Edward Bonham-Carter, Jupiter Asset Manager
Asset management firms looking to create benefits for their investors and the wider world need to exert influence on companies to “walk the talk” on governance issues.
“As an active asset manager running high conviction strategies, we use our underlying investments as an instrument of change,” said Edward Bonham-Carter, Jupiter AM’s director of stewardship and corporate responsibility and former vice chairman.
This involves efforts to ensure that any companies the fund house invests in are good long-term businesses, sustainable in the wider sense of the term.
“To achieve that, we hold discussions with companies and seek changes through voting. The goal is a better world and higher returns,” explained Bonham-Carter.
This is based on a view that it is necessary to protect the interests of all the stakeholders in the business for it to thrive and prosper.
Clear and realistic priorities
Jupiter AM believes the best approach to engaging companies starts with setting the priorities.
“We identify our top holdings, define our path of engagement and follow up with any voting,” said Bonham-Carter.

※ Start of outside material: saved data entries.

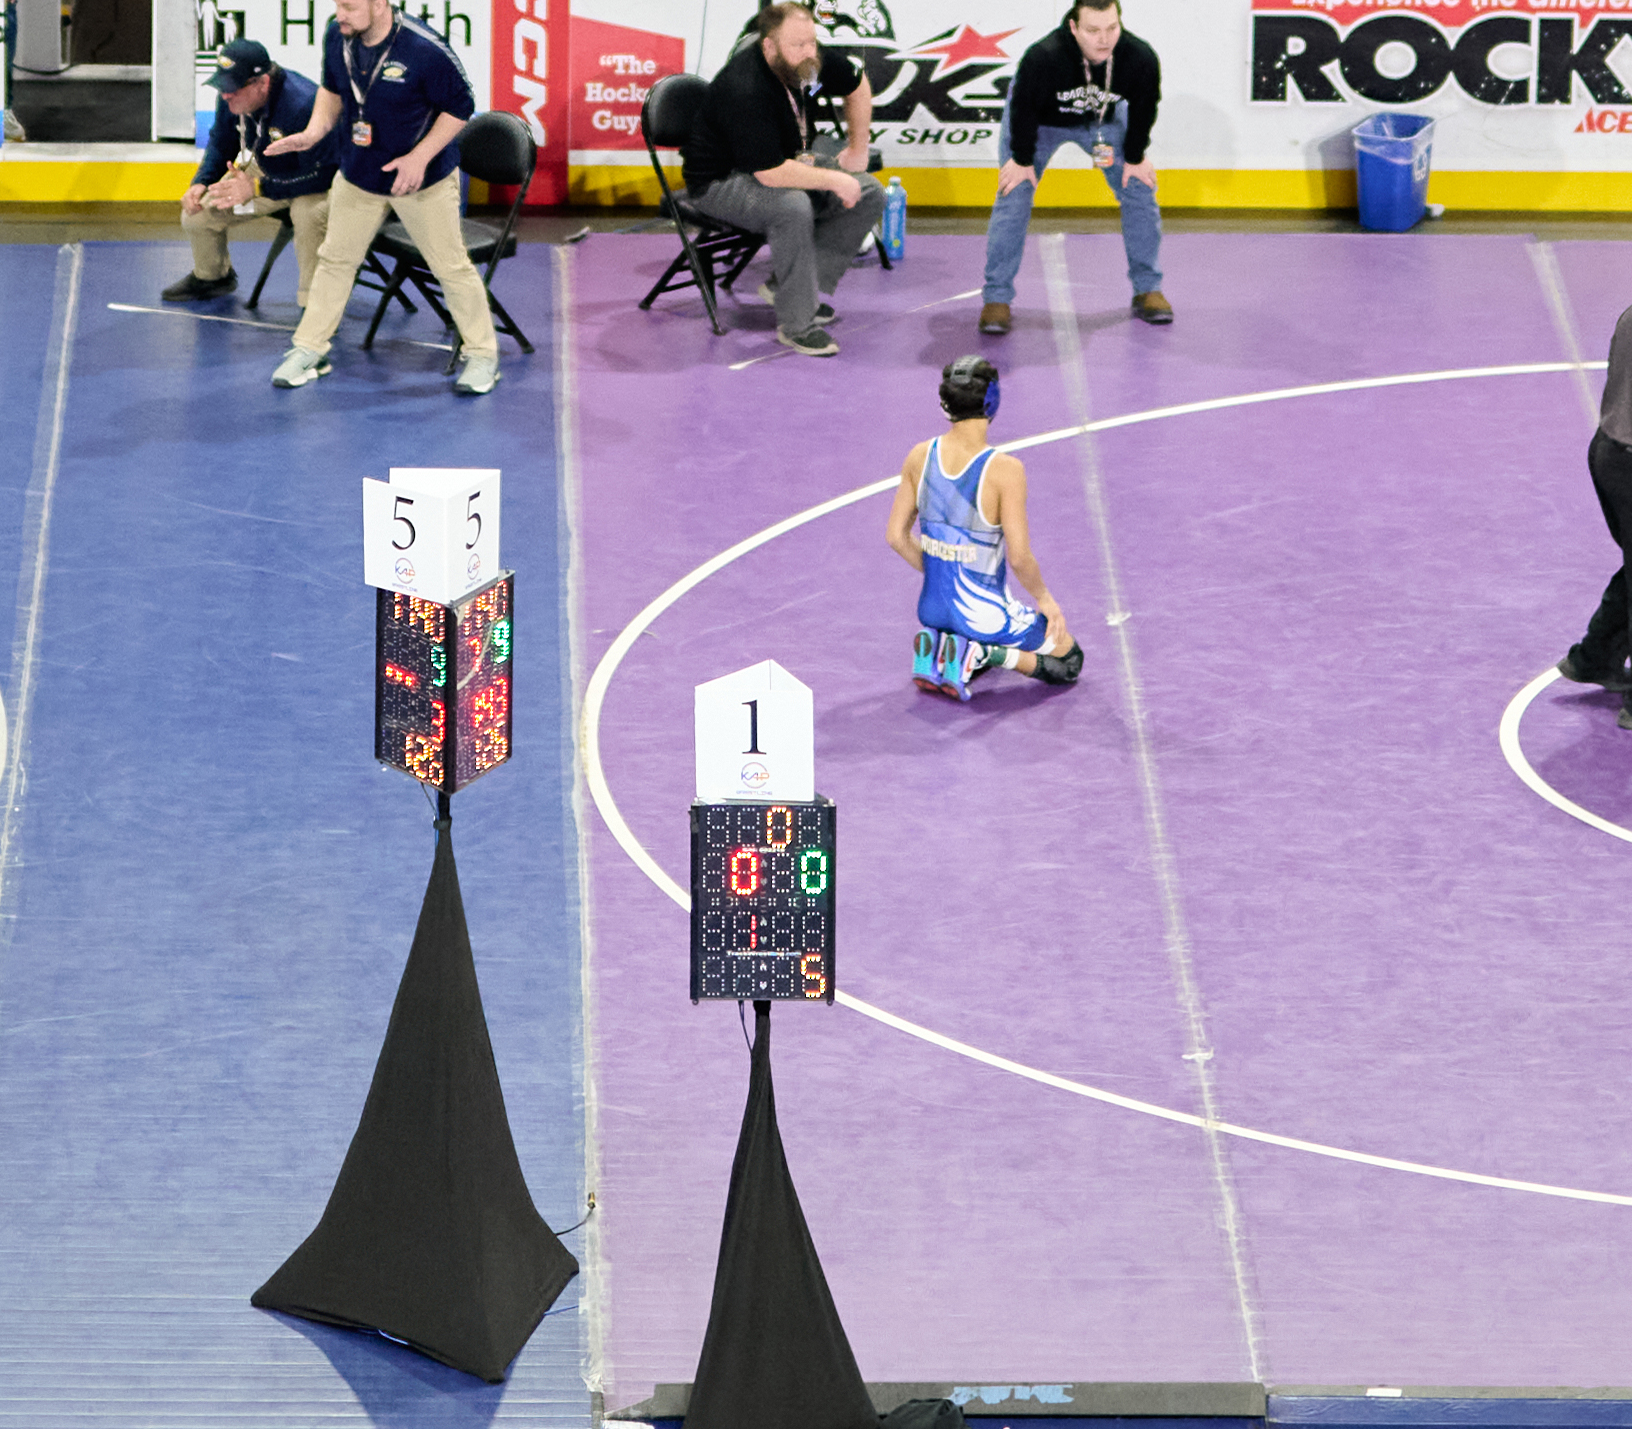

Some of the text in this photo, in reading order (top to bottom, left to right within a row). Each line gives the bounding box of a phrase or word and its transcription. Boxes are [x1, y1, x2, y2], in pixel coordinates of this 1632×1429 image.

[895, 128, 993, 146] SHOP
[391, 491, 482, 551] 5 5
[741, 699, 768, 756] 1
[765, 806, 792, 849] 0
[729, 851, 827, 895] 0 0
[748, 913, 759, 949] 1

There is also a need to be realistic in expectations; investors cannot expect to see results overnight, especially when dealing with issues such as succession or decarbonisation, where the process could take years for change to manifest.
And any success in effecting the desired change won’t result in Jupiter AM shifting its focus. “We immediately switch to the next phase of our stewardship engagement,” said Bonham-Carter.
A collective effort
There is also often a need to influence the decisions of companies collectively with other interested parties.
This applies in scenarios where investors might need to leverage their voice on a company-specific issue, or work together with peers or other organisations when confronting systemic risks such as supply chain or climate change.
“Our stewardship conversations with companies focus on drivers of long-term value to protect our clients’ interests,” said Bonham-Carter. “Part of these duties involves approaching boards on how they are taking responsibility to understand ESG risks and opportunities.”
Over time, Jupiter AM has realised that companies can only prosper in the long term if they pay due heed to the needs of competing stakeholders within companies – customers, employees, executives and shareholders.
Focused on objectives
Yet the overall approach isn’t about box ticking. Jupiter AM studies all aspects of a business to take a considered view while keeping in mind all stakeholders to generate alpha.
Although there is no formula for mapping the path of engagement, Jupiter AM follows a certain discipline in assessing progress. “We have some outcomes and targets in mind, and we try to stick to them,” he added.
The process also involves speaking to an array of people, including non-executive directors and audit committees, as well as a separate meeting with the chairman to ensure the company has a medium to long-term vision.
“We don’t keep talking with companies for the sake of it. If the desired results are not achieved, there could be value destruction,” explained Bonham-Carter.